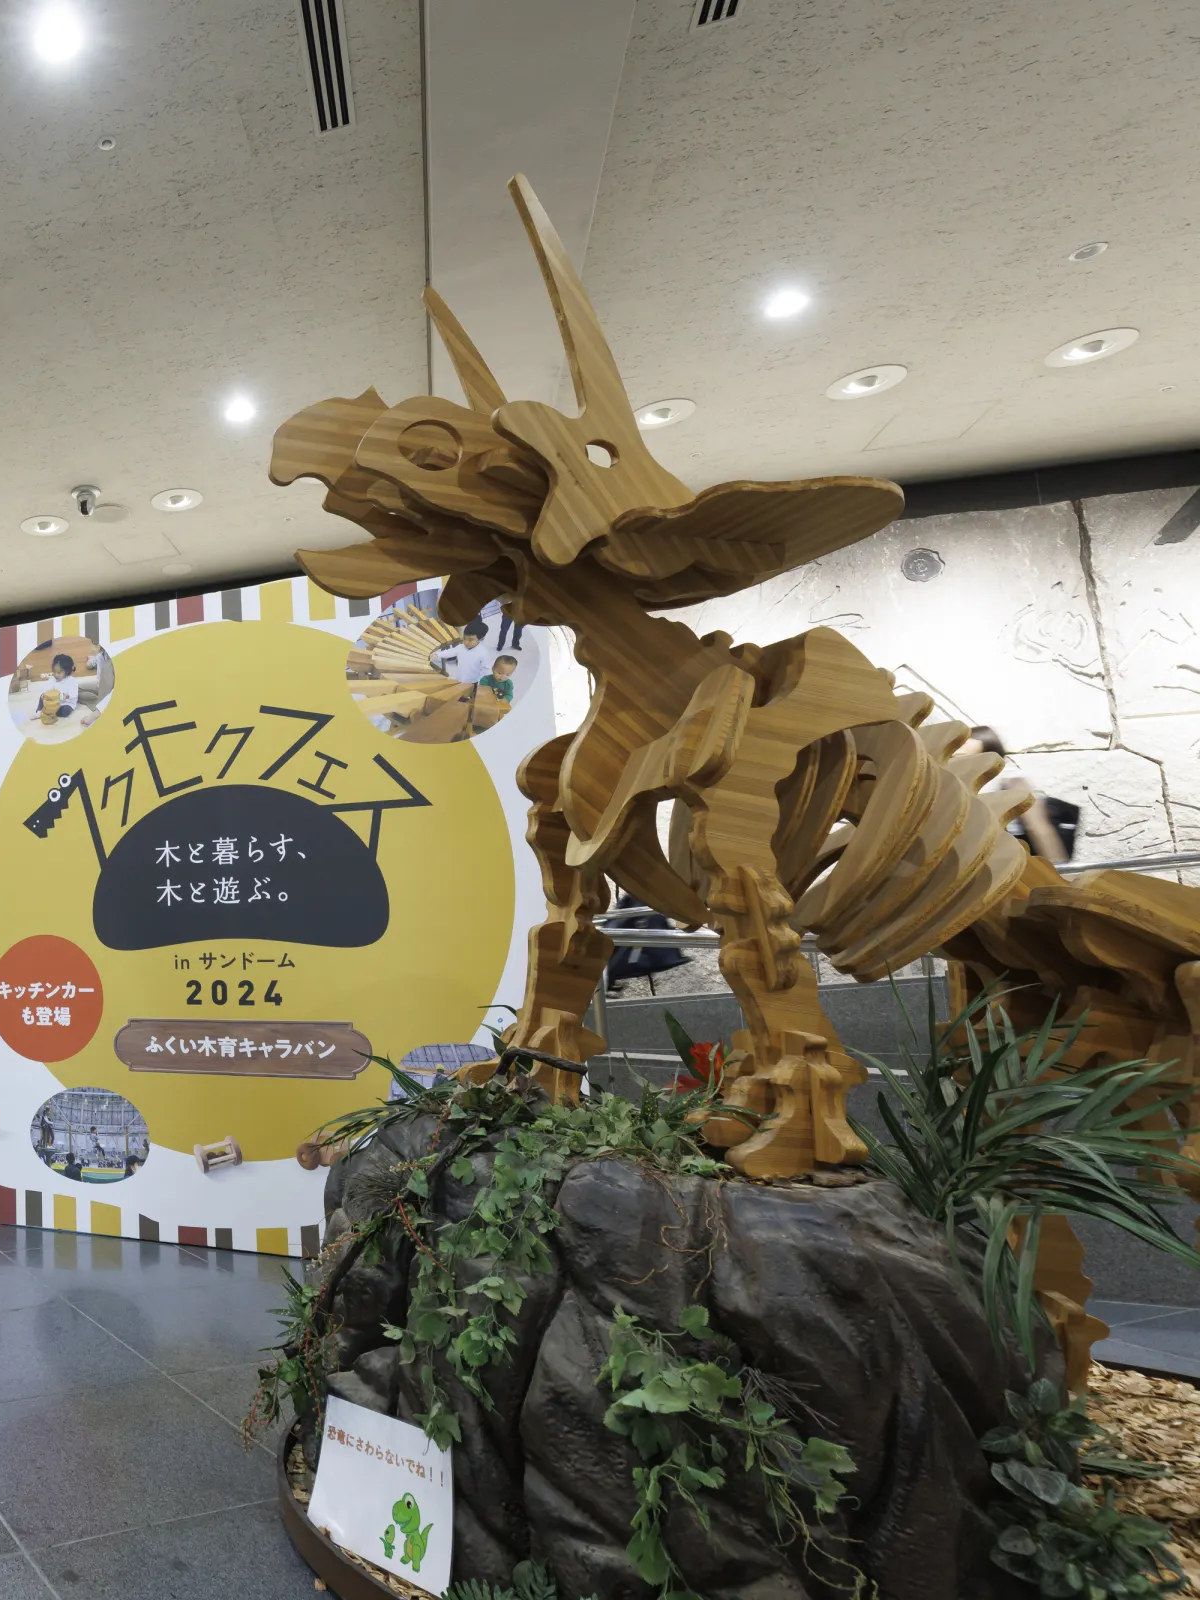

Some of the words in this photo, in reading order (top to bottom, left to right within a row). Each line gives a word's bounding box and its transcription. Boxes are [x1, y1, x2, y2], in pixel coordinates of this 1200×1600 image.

[154, 833, 307, 868] 木と暮らす、
[156, 876, 290, 907] 木と遊ぶ。
[174, 953, 190, 970] in
[199, 951, 296, 970] サンドーム
[186, 979, 284, 1007] 2024
[21, 1006, 71, 1028] も登場
[145, 1034, 337, 1061] ふくい木育キャラバン
[326, 1424, 444, 1487] 恐竜にさわらないでね！！
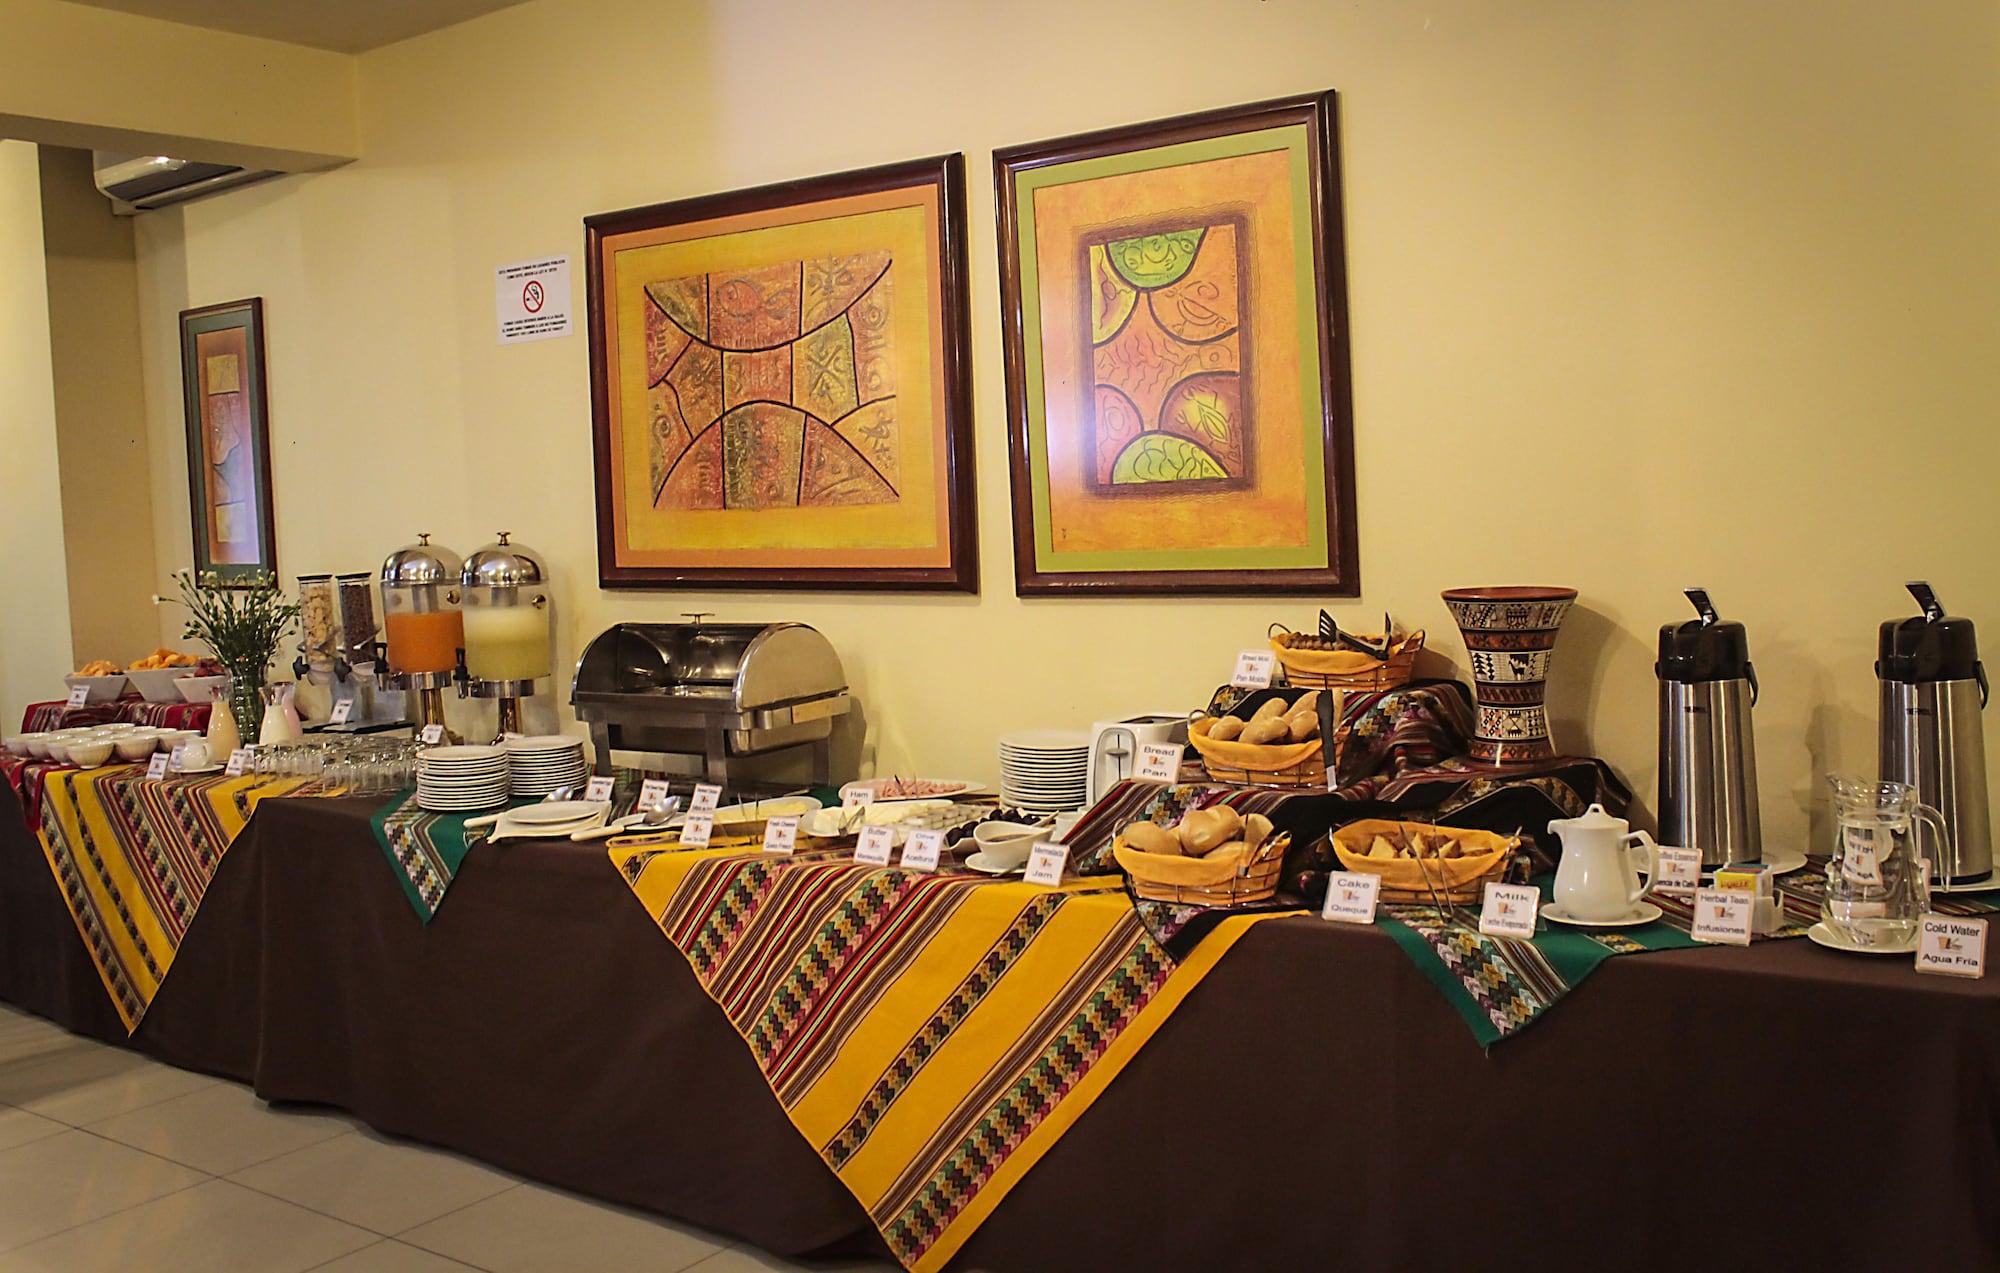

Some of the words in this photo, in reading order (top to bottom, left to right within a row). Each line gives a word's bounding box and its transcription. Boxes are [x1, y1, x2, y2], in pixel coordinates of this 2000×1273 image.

[1144, 746, 1175, 756] Bread
[1142, 768, 1167, 777] Pan
[868, 827, 887, 836] Butter
[1032, 870, 1053, 879] Jam
[1337, 878, 1370, 889] Cake
[1495, 891, 1529, 902] Milk
[1701, 894, 1727, 904] Herbal
[1729, 895, 1749, 905] Teas
[1331, 904, 1368, 914] Queque
[1696, 923, 1746, 935] Infusiones
[1924, 921, 1947, 934] Cold
[1950, 924, 1980, 937] Water
[1922, 953, 1952, 964] Agua
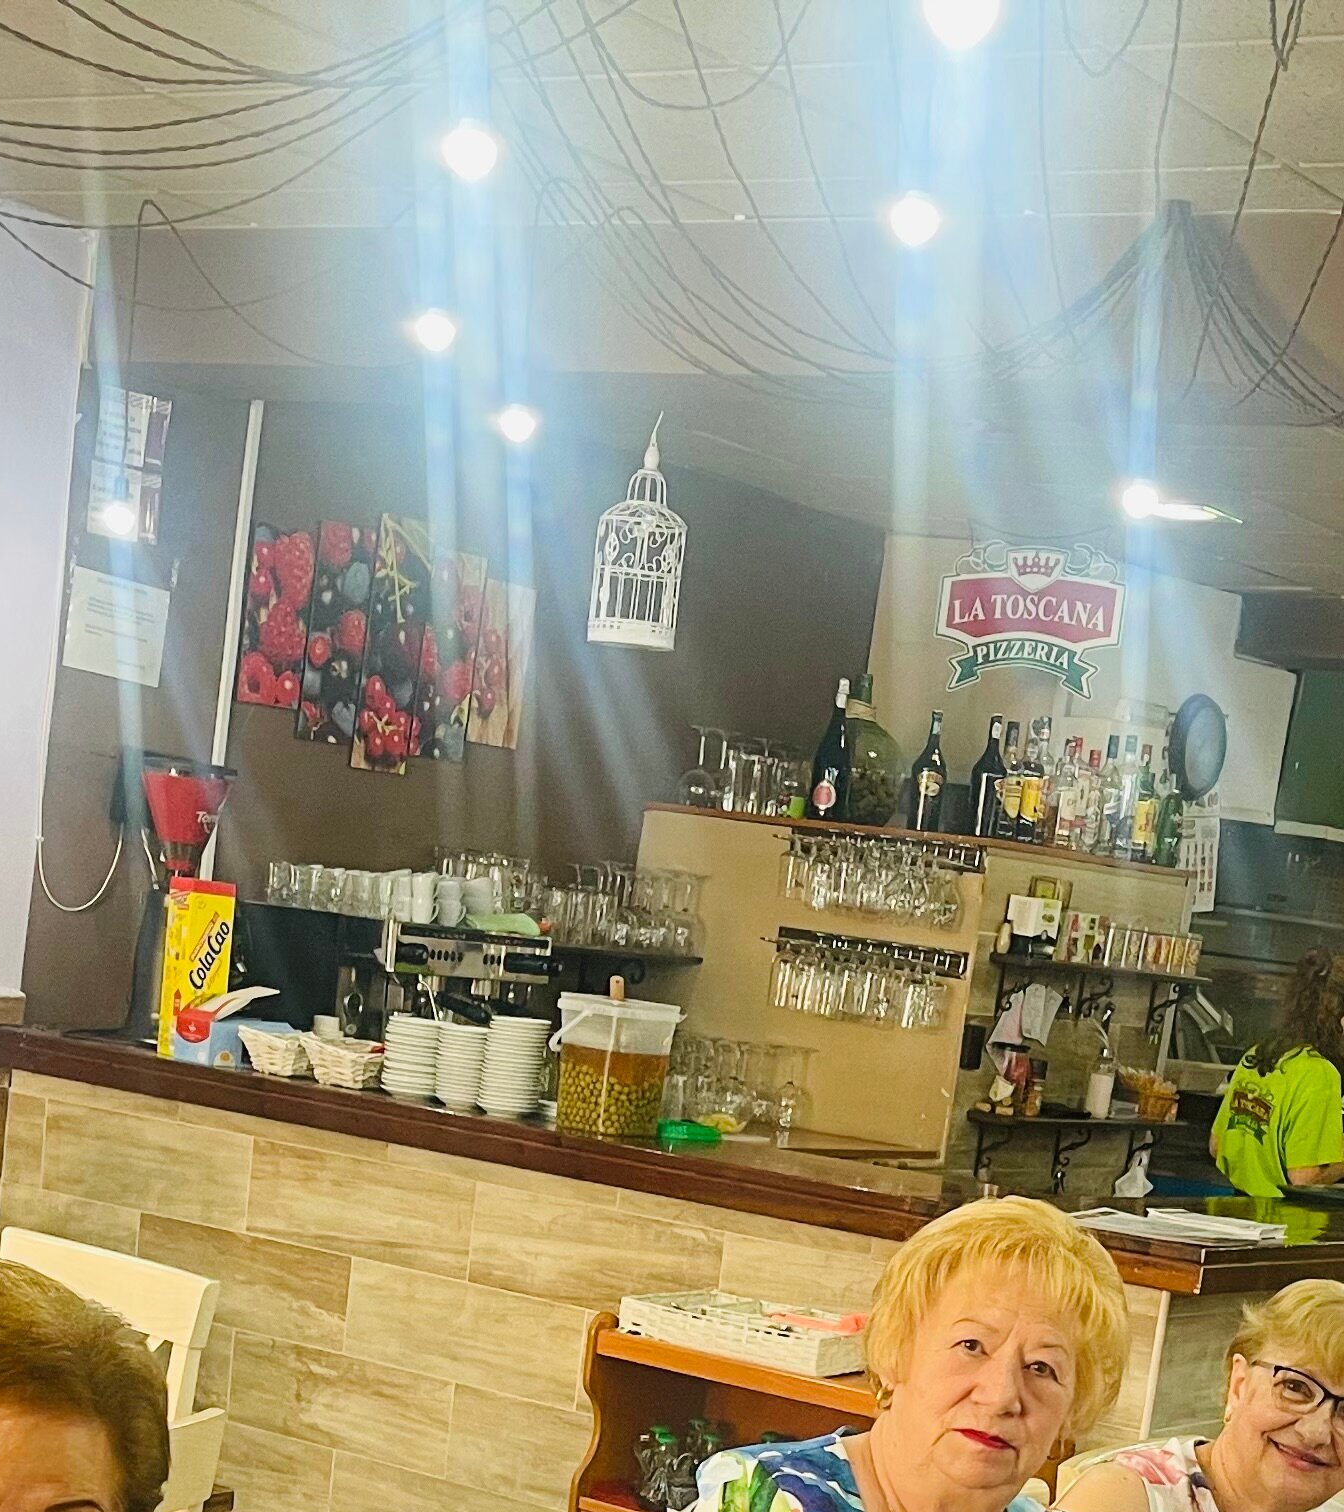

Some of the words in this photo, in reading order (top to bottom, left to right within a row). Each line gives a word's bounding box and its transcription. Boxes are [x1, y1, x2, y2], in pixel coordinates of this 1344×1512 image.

[953, 597, 985, 624] LA
[991, 594, 1106, 632] TOSCANA
[976, 640, 1070, 670] PIZZERIA
[189, 921, 230, 990] ColaCao

——

### [What is being asked]
If the data includes images, omit them, and set down everything else exactly as above.

### [Response]
Some of the words in this photo, in reading order (top to bottom, left to right within a row). Each line gives a word's bounding box and its transcription. Boxes are [x1, y1, x2, y2], in pixel coordinates of this 1200×1600 image.

[154, 833, 307, 868] 木と暮らす、
[156, 876, 290, 907] 木と遊ぶ。
[174, 953, 190, 970] in
[199, 951, 296, 970] サンドーム
[186, 979, 284, 1007] 2024
[21, 1006, 71, 1028] も登場
[145, 1034, 337, 1061] ふくい木育キャラバン
[326, 1424, 444, 1487] 恐竜にさわらないでね！！

Some of the words in this photo, in reading order (top to bottom, left to right within a row). Each line gives a word's bounding box and its transcription. Boxes are [x1, y1, x2, y2], in pixel coordinates of this 2000×1273 image.

[1144, 746, 1175, 756] Bread
[1142, 768, 1167, 777] Pan
[868, 827, 887, 836] Butter
[1032, 870, 1053, 879] Jam
[1337, 878, 1370, 889] Cake
[1495, 891, 1529, 902] Milk
[1701, 894, 1727, 904] Herbal
[1729, 895, 1749, 905] Teas
[1331, 904, 1368, 914] Queque
[1696, 923, 1746, 935] Infusiones
[1924, 921, 1947, 934] Cold
[1950, 924, 1980, 937] Water
[1922, 953, 1952, 964] Agua

Some of the words in this photo, in reading order (top to bottom, left to right within a row). Each line gives a word's bounding box and its transcription. Boxes are [x1, y1, x2, y2], in pixel coordinates of this 1344×1512 image.

[953, 597, 985, 624] LA
[991, 594, 1106, 632] TOSCANA
[976, 640, 1070, 670] PIZZERIA
[189, 921, 230, 990] ColaCao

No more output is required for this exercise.